Scatter 2D coordinates from distance matrix

You could use t-SNE, an algorithm finding an embedding of potentially high-dimensional data into low-dimensional data based on the distances of the elements.

You will have to decide what to do with the missing distances, whether to set them at high values, or the mean distance, or something else.

Since t-SNE will preserve only local neighbourhoods, relations of distant clusters may be less accurate, but you'd have to see whether that is bad for your application.
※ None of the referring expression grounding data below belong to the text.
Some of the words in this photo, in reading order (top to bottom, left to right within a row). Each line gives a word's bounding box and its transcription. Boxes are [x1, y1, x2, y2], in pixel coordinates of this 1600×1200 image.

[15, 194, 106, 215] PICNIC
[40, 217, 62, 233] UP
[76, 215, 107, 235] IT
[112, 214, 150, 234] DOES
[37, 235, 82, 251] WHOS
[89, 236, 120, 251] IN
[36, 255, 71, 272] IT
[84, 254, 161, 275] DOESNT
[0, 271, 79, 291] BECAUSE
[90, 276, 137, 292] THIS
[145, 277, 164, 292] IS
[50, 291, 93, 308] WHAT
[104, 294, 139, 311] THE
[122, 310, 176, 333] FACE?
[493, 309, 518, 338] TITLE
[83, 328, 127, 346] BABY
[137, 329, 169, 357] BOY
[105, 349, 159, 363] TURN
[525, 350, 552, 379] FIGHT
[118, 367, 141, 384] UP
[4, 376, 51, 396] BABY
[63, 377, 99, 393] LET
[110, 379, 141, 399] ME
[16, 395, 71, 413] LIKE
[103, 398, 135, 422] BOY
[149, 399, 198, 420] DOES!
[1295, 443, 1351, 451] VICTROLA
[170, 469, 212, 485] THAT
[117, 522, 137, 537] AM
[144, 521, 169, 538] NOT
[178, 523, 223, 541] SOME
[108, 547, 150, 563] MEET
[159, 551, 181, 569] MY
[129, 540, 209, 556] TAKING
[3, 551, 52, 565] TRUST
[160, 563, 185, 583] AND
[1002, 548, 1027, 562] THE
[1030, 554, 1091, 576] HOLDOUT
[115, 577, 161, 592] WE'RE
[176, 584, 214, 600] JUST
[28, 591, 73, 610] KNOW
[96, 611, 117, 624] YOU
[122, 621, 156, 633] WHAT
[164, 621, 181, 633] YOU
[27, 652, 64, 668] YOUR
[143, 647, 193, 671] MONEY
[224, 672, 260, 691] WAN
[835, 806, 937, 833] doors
If you download the vanilla MATLAB implementation from the linked website and put that folder on the path, the following self-contained example should run.
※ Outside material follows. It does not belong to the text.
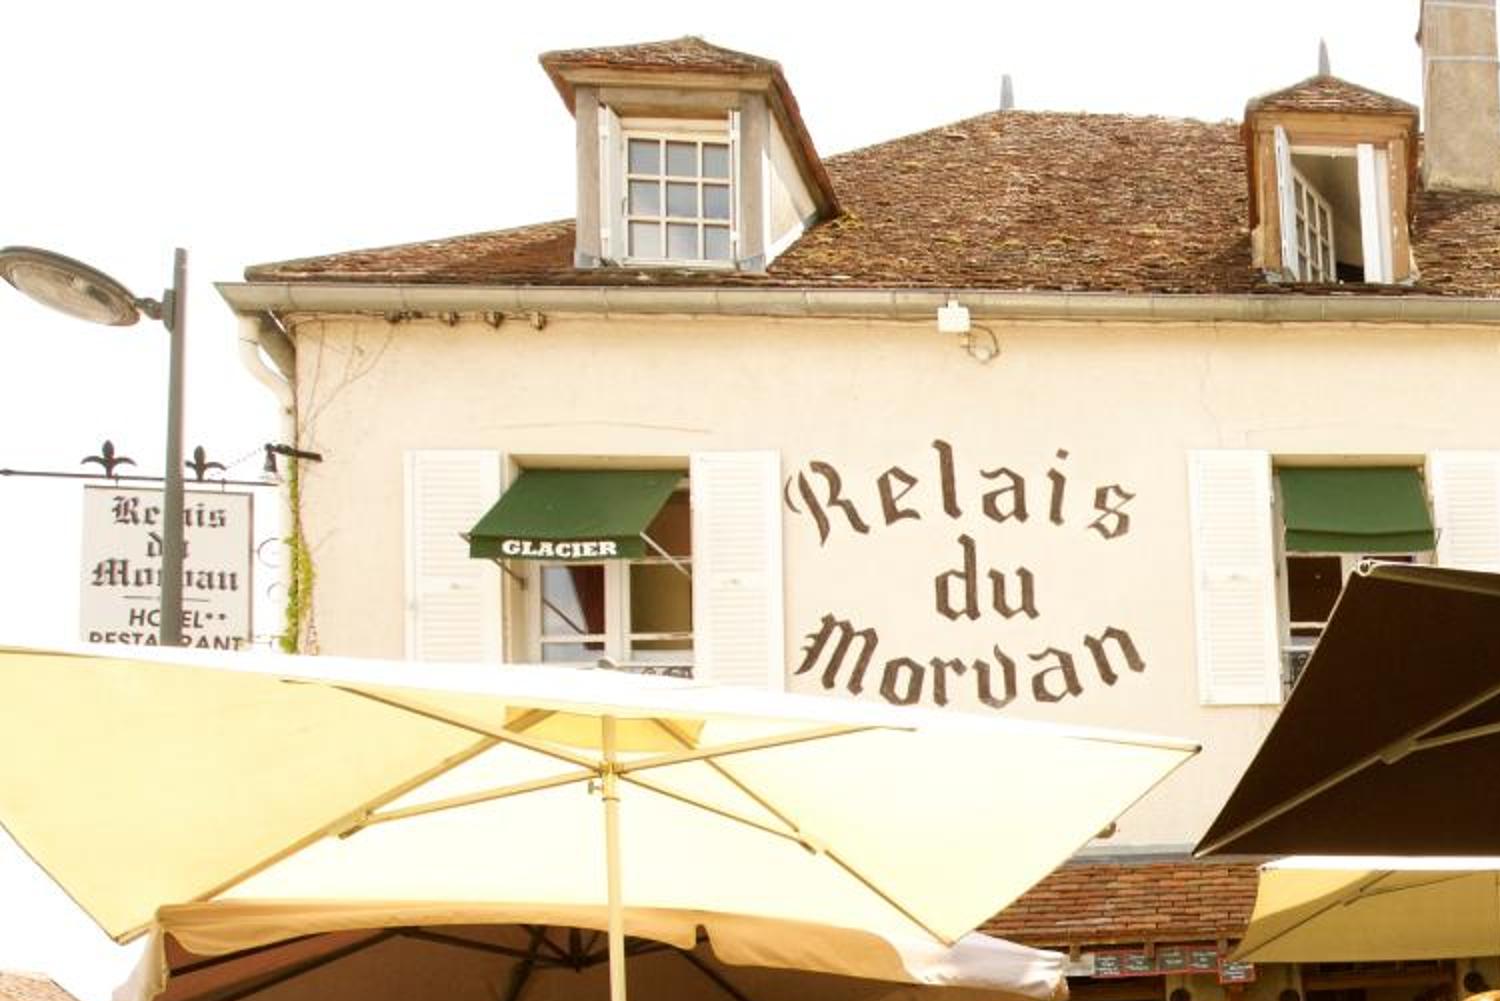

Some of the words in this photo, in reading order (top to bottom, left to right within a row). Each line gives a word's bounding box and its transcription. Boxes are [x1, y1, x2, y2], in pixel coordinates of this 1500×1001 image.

%% Generate some random data
mu = [1 2];
Sigma = [1 0; 0 1];
R = chol(Sigma);
z1 = repmat(mu,100,1) + randn(100,2)*R;
mu = [5 1.5];
z2 = repmat(mu,100,1) + randn(100,2)*R;
mu = [3.5 6.5];
z3 = repmat(mu,100,1) + randn(100,2)*R;

%% Plot random data
figure(1);
clf
subplot(3, 1, 1)
scatter(z1(:,1), z1(:,2))
hold on
scatter(z2(:,1), z2(:,2))
scatter(z3(:,1), z3(:,2))
title('Original data')

%% Generate pw distance matrix and plot it
all_z = [z1; z2; z3];
% generate pw distance matrix
pwd = squareform(pdist(all_z));

subplot(3, 1, 2)
imagesc(pwd)
title('Distance matrix')

%% Perform tSNE
no_dims = 2;
perplexity = 150;
yd = tsne_d(pwd, [], no_dims, perplexity);
%% Plot results
subplot(3, 1, 3)
scatter(yd(1:100, 1), yd(1:100, 2))
hold on
scatter(yd((1:100) + 100, 1), yd((1:100) + 100, 2))
scatter(yd((1:100) + 200, 1), yd((1:100) + 200, 2))
title('tSNE embedding')

After sanitizing your distance matrix (i.e. assigning some value for the missing ones), you would start at %% Perform tSNE. perplexity is a parameter that should match approximately the number of points you expect in a cluster. In my example I chose 150, as I also want to consider neighbouring points a bit further away. The original paper has a good description of what the algorithm does.